Reporter   Ich sah, wie Jack Dempsey in Atlantic City aus dem Ring geschlagen wurde, wieder hochstieg und gewann. Ich sah, wie Ben Jeby dreimal zu Boden ging, sich noch einmal aufkämpfte und einen K.-o.-Schlag landete. Ich sah, wie Pepe Ortiz von einem Stier auf die Hörner genommen wurde, auf den Füßen landete, und, blutüberströmt, seine Toreros zur Seite winkte, um dem Stier selbst den Todesstoß zu versetzen.

Ich sah die Grubenarbeiter von Herrin, Illinois, unbewaffnet auf die donnernden Geschütze der Milita losgehen, haufenweise tot umfallen und ihren Arbeitskampf gewinnen.

Ich sah Blackie Weed auf dem Galgen stehen und dem Sheriff  ins Gesicht spucken, lachen, als ihm die Schlinge um den Hals gelegt wurde, und schallend auflachen, als sie sich zuzog.

Ich sah Joe Gans, wie er in einem Notarztwagen zu seinem Totenbett fuhr, die Fäuste immer noch geballt und zuckend, und sein Kinn vor Bat Nelson in Deckung gehend.

 Ich sah Chris Haggerty von AP bei der Überschwemmung in Dayton einen vereisten Telegraphenmasten hochklettern und seine letzte Nachricht durchgeben:  »Dayton, Ohio - AP überall« und dann bewußtlos den Mast hinuntergleiten.

Ich sah Hugo Haase vor der ersten deutschen Nationalversammlung in Weimar aufstehen und verkünden: »Ich bin ein Deutscher, der glaubt, daß uns die Macht von Gewehren nur einen sehr schlechten Platz in der Menschheitsfamilie einbringt. Wenn dies Verrat ist, tötet mich.« Sie töteten ihn auf der Treppe des Reichstags in Berlin.

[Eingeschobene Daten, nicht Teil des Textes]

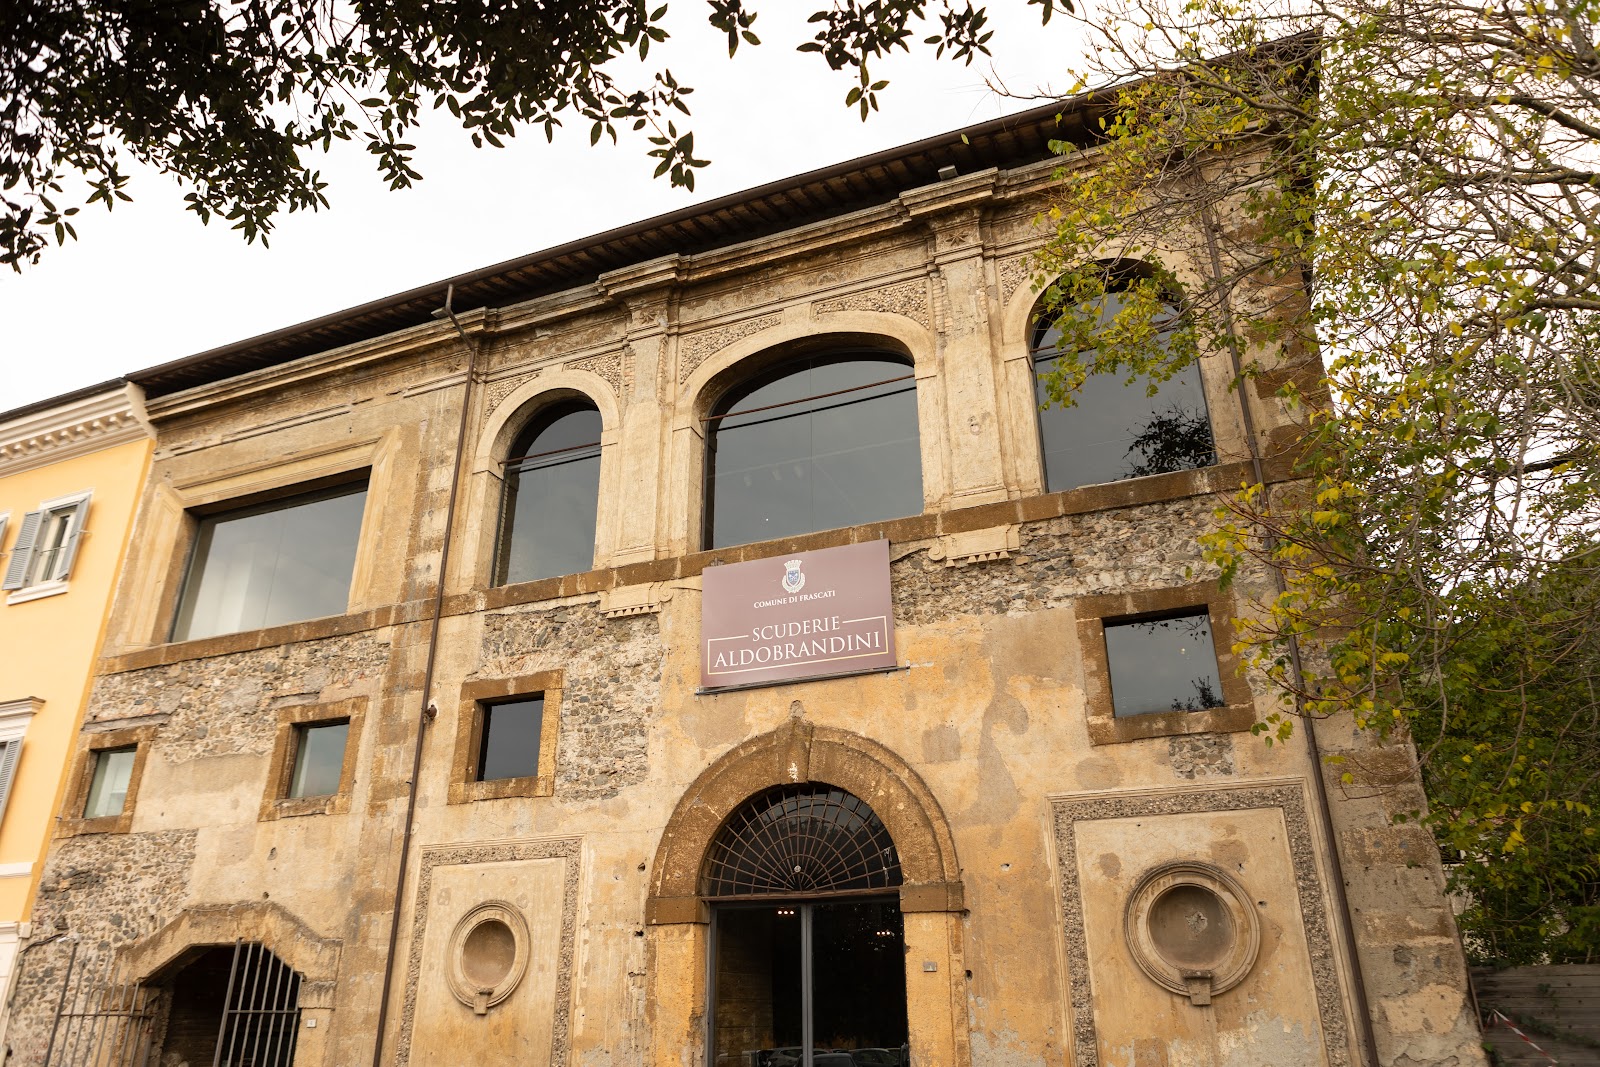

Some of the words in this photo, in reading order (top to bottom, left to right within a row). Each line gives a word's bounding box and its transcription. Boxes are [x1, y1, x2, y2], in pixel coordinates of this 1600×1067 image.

[753, 597, 788, 609] COMUNE
[788, 596, 798, 604] DI
[799, 590, 836, 602] FRASCATI
[752, 616, 841, 642] SCUDERIE
[713, 631, 881, 668] ALDOBRANDINI
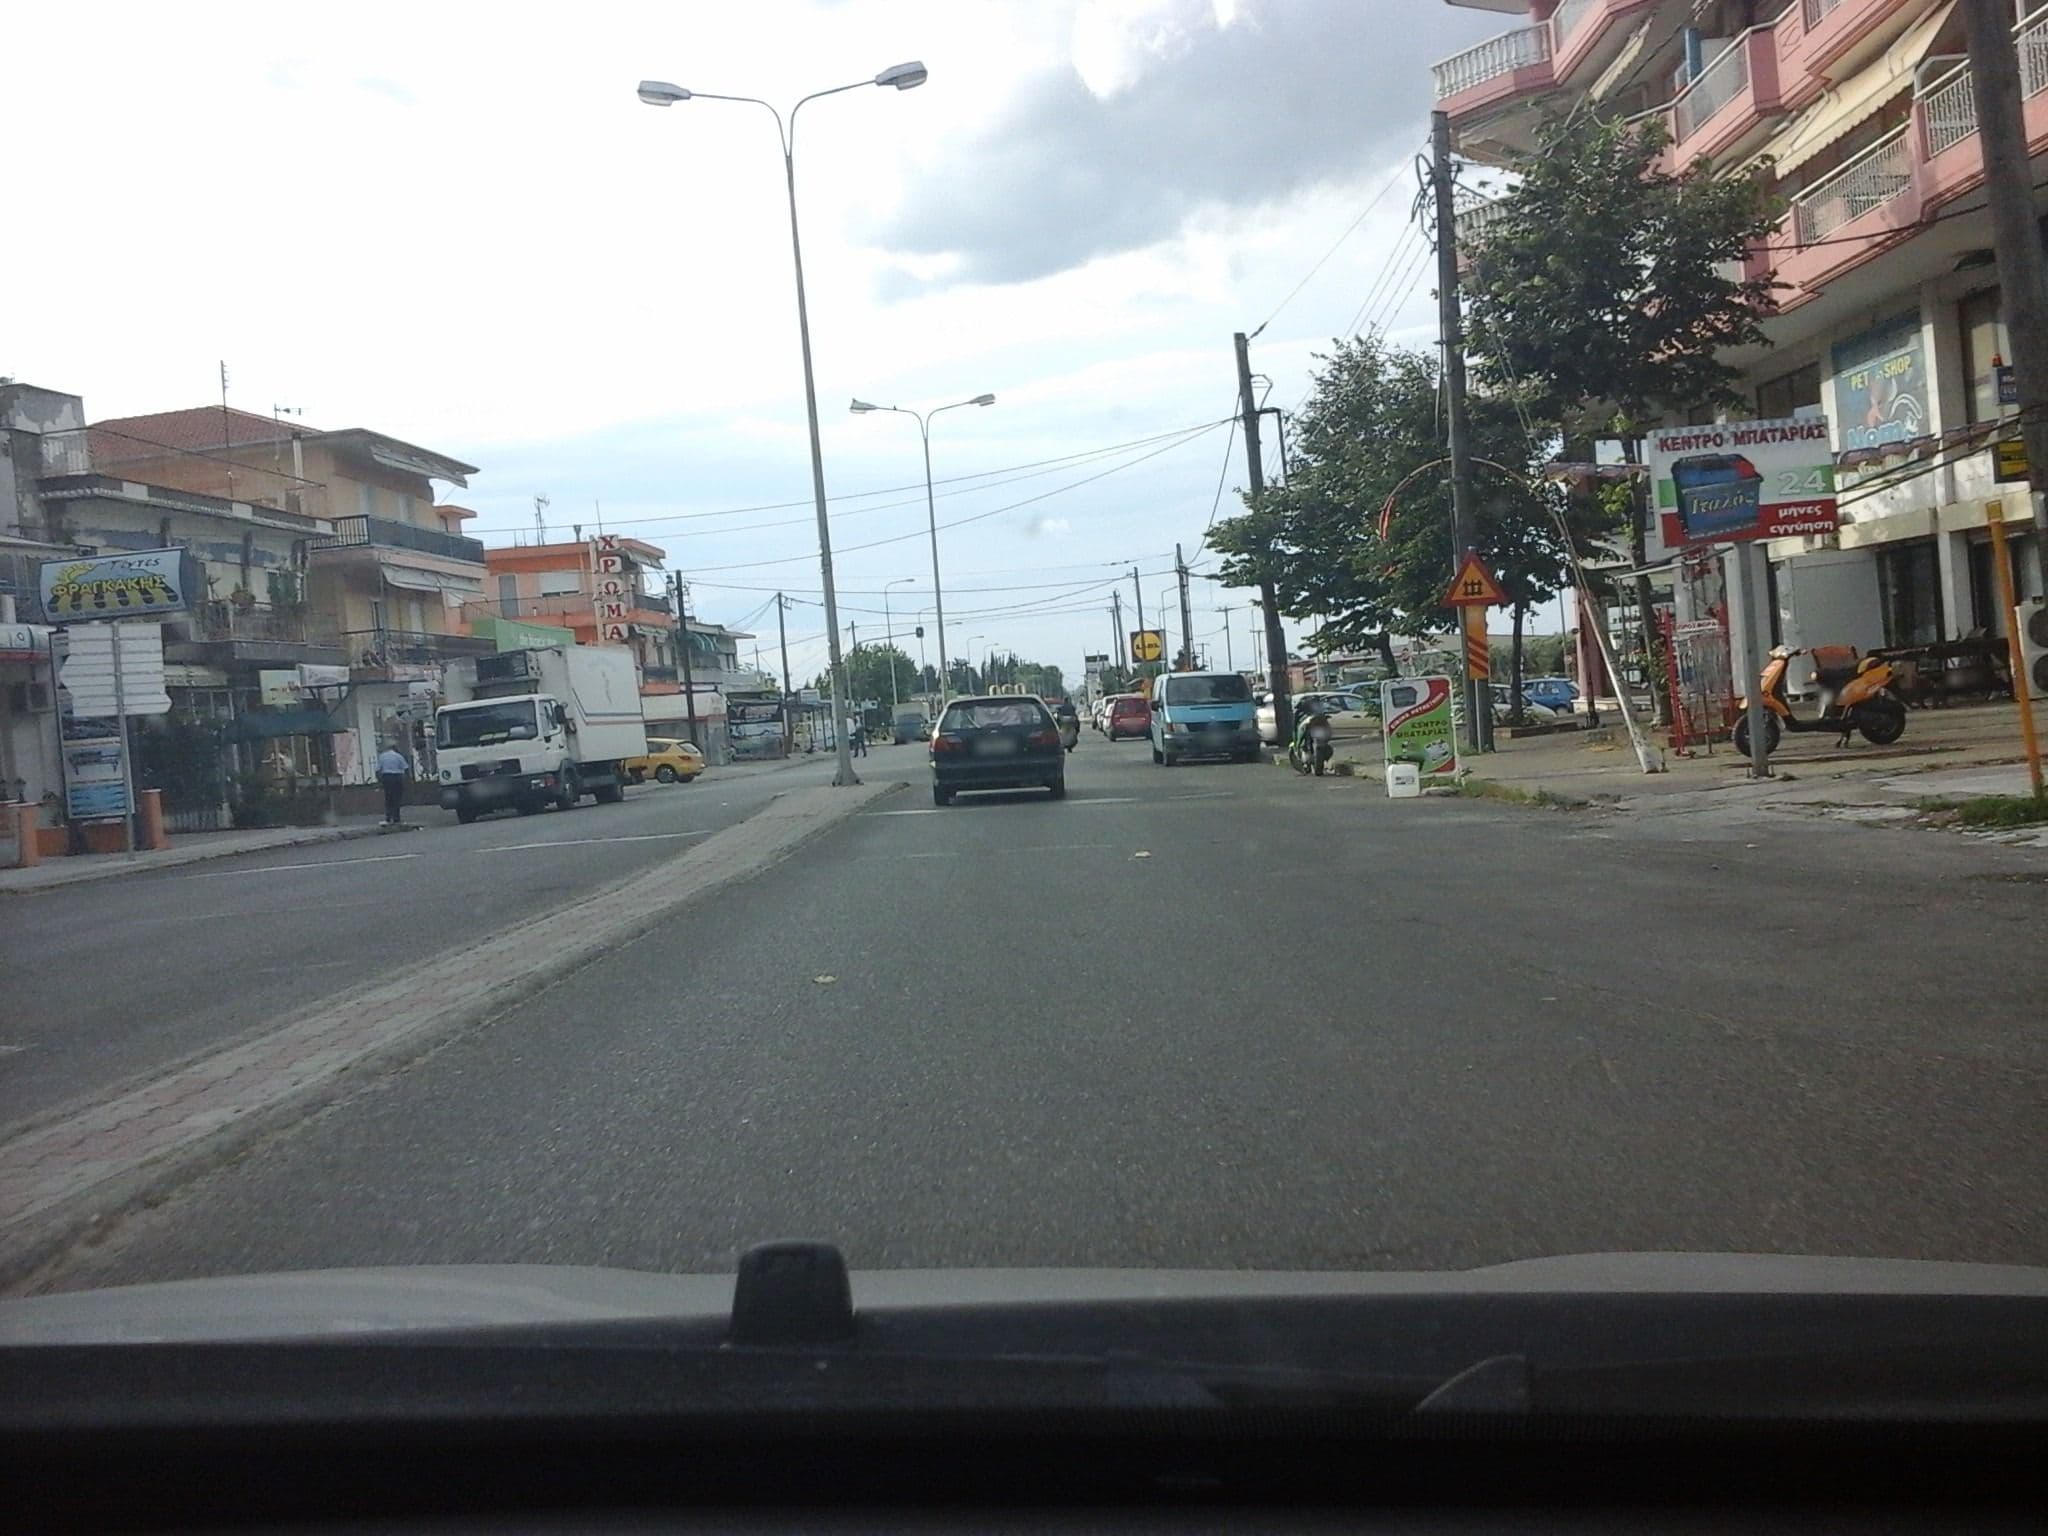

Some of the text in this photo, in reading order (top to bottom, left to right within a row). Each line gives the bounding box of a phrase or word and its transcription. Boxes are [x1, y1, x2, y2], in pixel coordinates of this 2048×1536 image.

[1850, 355, 1912, 391] PET SHOP
[1659, 433, 1724, 452] ΚΕΝΤΡΟ
[1733, 423, 1827, 446] ΜΠΑΤΑΡΙΑΣ
[1778, 470, 1827, 496] 24
[1778, 503, 1823, 518] μήνες
[1769, 519, 1834, 534] εγγύηση
[51, 574, 166, 596] ΦΡΑΓΚΑΚΗΣ
[601, 535, 624, 640] ΧΡΩΜΑ

Ich sah Lou Gehring, wie er - sein Rückgrat schon ein Knochenknäuel — sein.letztes Schlagmal austeilte. Ich sah Jesus Maria Lopez vor dem Exekutionskommando in Chihuahua 1928 seine letzte Zigarette rauchen, die auf ihn gerichteten Gewehre angrinsen und sagen: »Eure Kugeln, meine Freunde, werden keinerlei Eindruck auf die Gedanken in meinem bescheidenen Kopf machen. Sie werden in anderen bescheidenen Köpfen weiterleben.«

Ich sah Teddy Roosevelt am Morgen von einem Attentäter angeschossen, am gleichen Abend, die Kugel immer noch in seinem Zwerchfell, in einer Versammlungshalle in Milwaukee stehen und die beste Rede seiner Laufbahn halten. Wenn ihm als Folge des morgendlichen Zwischenfalls irgend etwas zustieße, rief er der Menge zu, dann hoffe er, daß die Trauer um ihn durch die Erinnerung daran gemildert würde, welch teuflisch gute Zeit er in seinem Leben gehabt habe.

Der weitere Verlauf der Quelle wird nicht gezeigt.